A questão central é: os ventiladores anunciados chegarão todos a tempo para assegurar a resposta cabal ao pico do surto de covid-19 em Portugal? Sem que os epidemiologistas e outros especialistas se atrevam a precisar quando ocorrerá esse pico — que começou por ser previsto para uma data “à volta de 14 de Abril” para poucos dias depois ser atirado para o final de Maio – é difícil responder a esta pergunta. E haverá médicos e enfermeiros em número suficiente para assegurar a resposta?
“Os ventiladores compram-se, o espaço físico adapta-se, mas os profissionais de saúde não se fazem em fábricas”, responde Gustavo Carona. Se os médicos especialistas em cuidados intensivos faltam, ainda escasseiam mais os enfermeiros treinados nesta área altamente diferenciada — e é necessário um enfermeiro para cada dois doentes em cuidados intensivos.” Faltam médicos e enfermeiros para tantas camas”, corrobora Taveira Gomes.
“Ter enfermeiros treinados é um grande problema e formar médicos assim de repente é impossível. O que se recomenda é que os hospitais aproveitem os profissionais com treino em medicina intensiva, como anestesistas, internistas, cardiologistas”, especifica João Gouveia, que preside à Sociedade Portuguesa de Medicina Intensiva e lidera a task force recentemente criada pela Direcção-Geral da Saúde para organizar a resposta à pandemia.

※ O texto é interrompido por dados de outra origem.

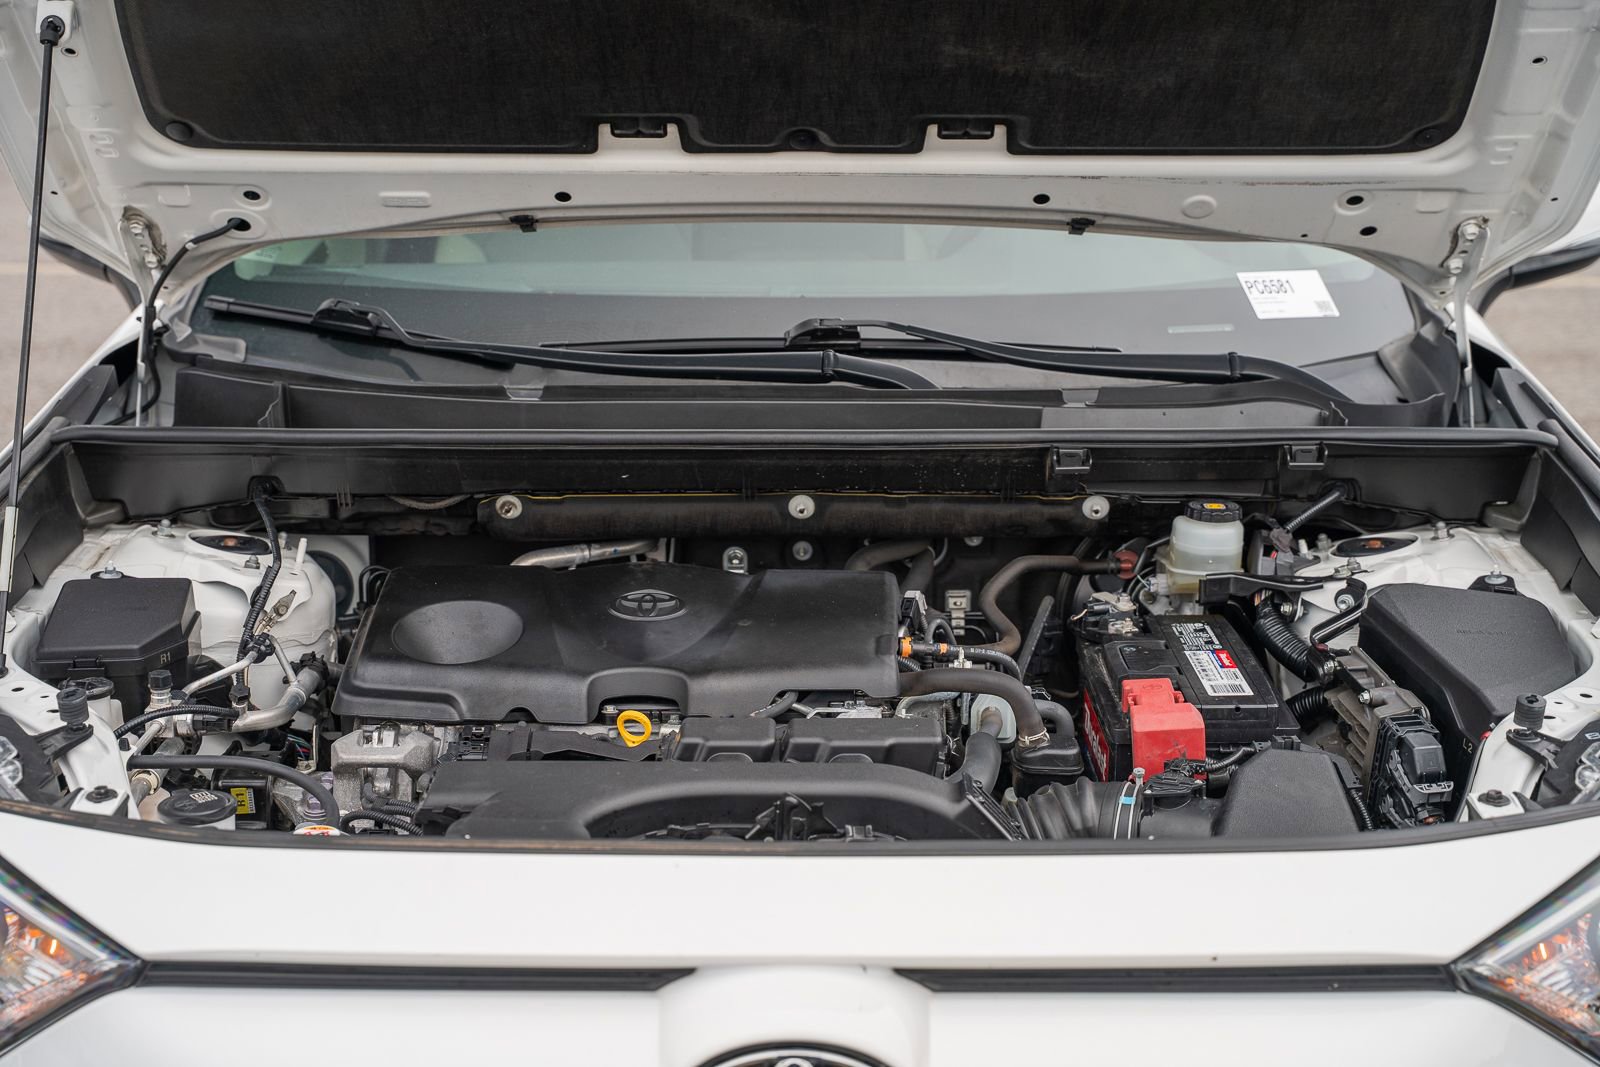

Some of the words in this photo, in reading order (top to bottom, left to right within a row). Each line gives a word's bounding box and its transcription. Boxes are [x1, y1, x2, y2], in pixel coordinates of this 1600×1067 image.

[1244, 279, 1296, 295] PC6581
[160, 651, 171, 665] R1
[235, 792, 246, 807] R1
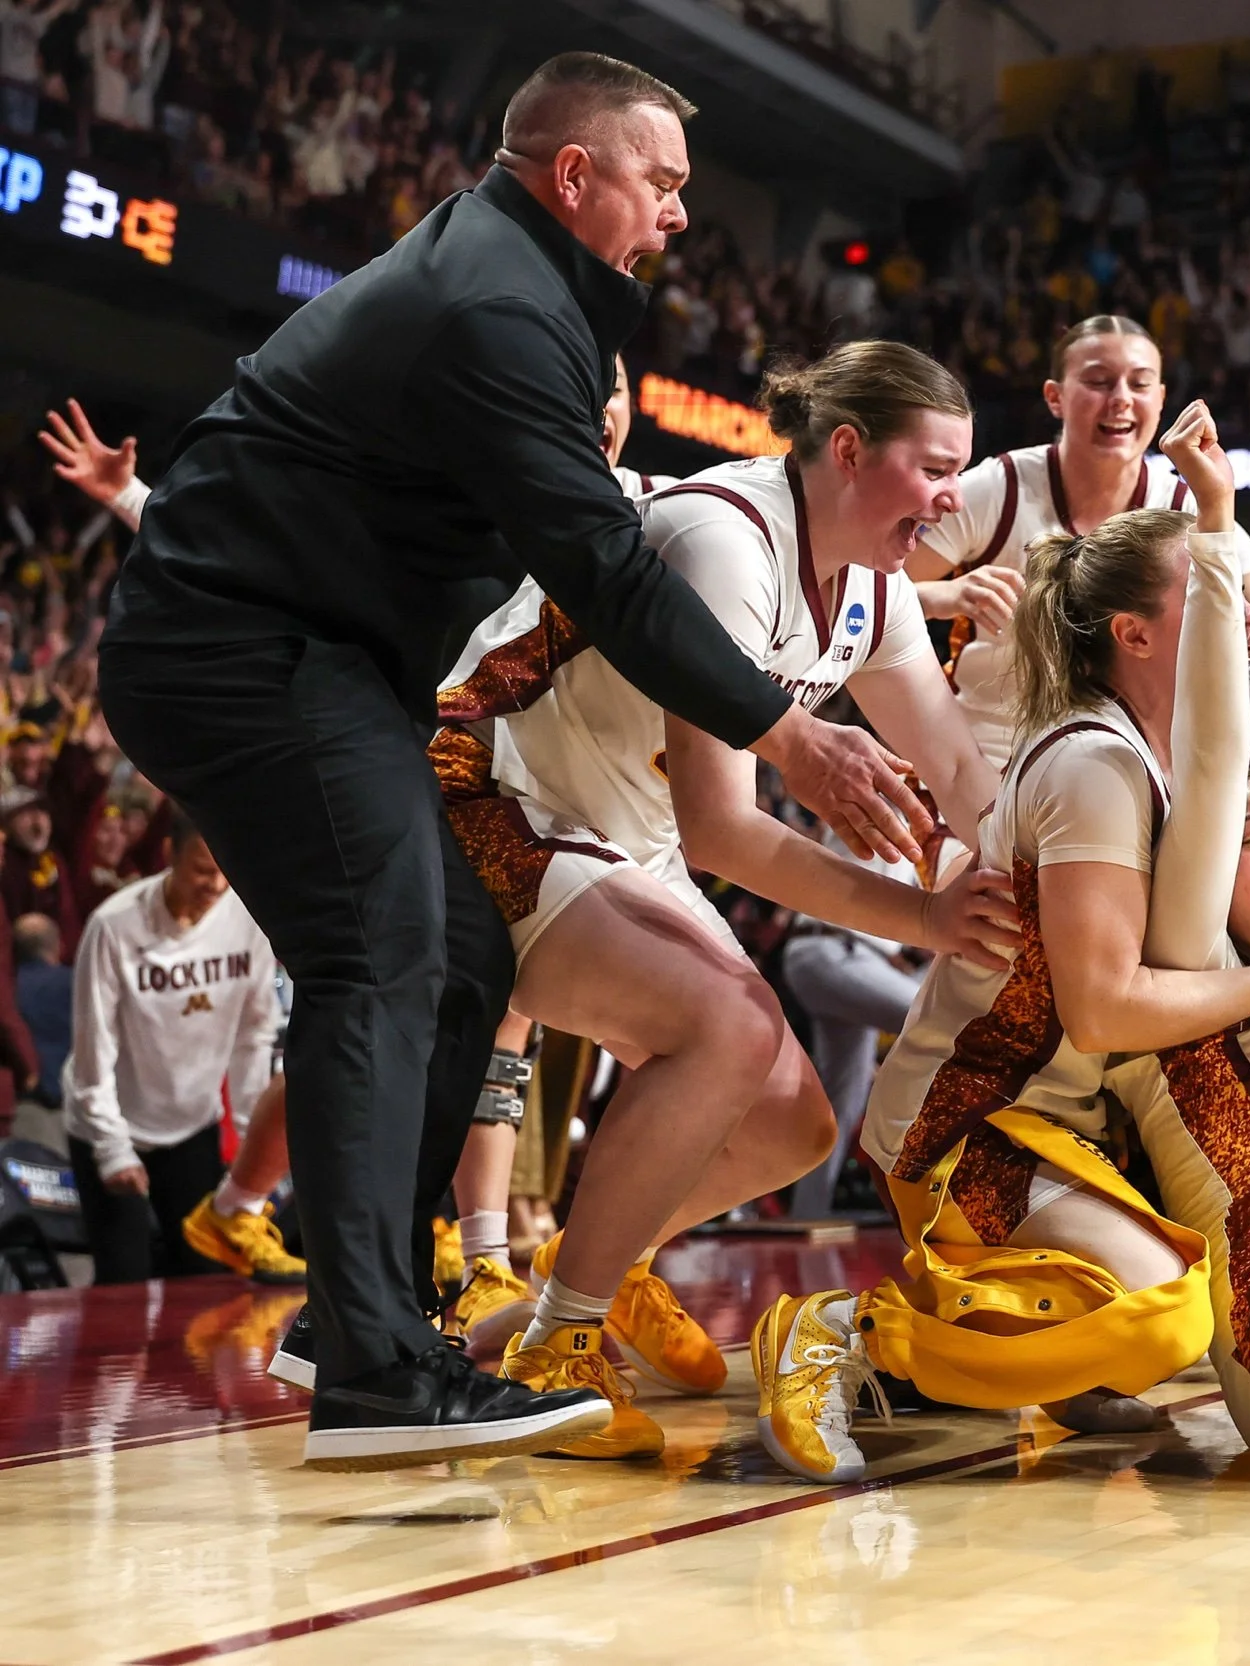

“Estamos a tentar aprender com a experiência de Itália. A estratégia passa por maximizar ao máximo a capacidade instalada, recuperando ventiladores que estavam encostados e arranjando alguns com peças em falta – e estes são mais de uma centena. Estamos também a tentar que todas as ordens de compra sejam satisfeitas a tempo. Já há datas de chegada para alguns equipamentos, o que me deixa um pouco mais descansado”, diz.
Ter mais ventiladores e monitores cardíacos é vital. Um doente com covid-19 permanece mais tempo do que é habitual nos cuidados intensivos, uma média que oscila entre oito a 14 dias, mas que pode prolongar-se por várias semanas. A seguir a evolução da pandemia em Portugal com toda a atenção, João Gouveia espera que as previsões que apontam para um atraso do pico se cumpram. “Isso dá-nos tempo para nos conseguirmos organizar. Se os doentes chegarem todos ao mesmo tempo vai ser muito complicado”, antecipa. E dá o exemplo da Lombardia, no Norte de Itália, que tem o dobro das camas de cuidados intensivos: “Mesmo assim, o sistema sucumbiu.”
Se acontecer o mesmo em Portugal, os mais velhos e doentes terão de ser preteridos? Em cuidados intensivos, “todos os dias não são admitidos doentes por não terem potencial de benefício”, recorda o médico. Se chegarmos ao pior cenário, a fase de catástrofe, “a triagem terá que ser mais rigorosa, mas isto não significa à partida que os mais velhos serão os excluídos”. “A vida de um intensivista é tomar esse tipo de decisão. São situações dolorosas, de uma solidão enorme. Mas queremos que os doentes saiam com alguma qualidade de vida, não com o coração a bater e em grande sofrimento. A questão, agora, é a de saber se o limite habitual vai passar a ser balizado por padrões de desespero”, atesta Gustavo Carona.
Nas linhas orientadores dos planos de contingência, o que os especialistas não esquecem também é que vai ser necessário criar áreas, fora da tutela da medicina intensiva, para cuidados paliativos a doentes. É preciso garantir "o conforto e a paliação do sofrimento”.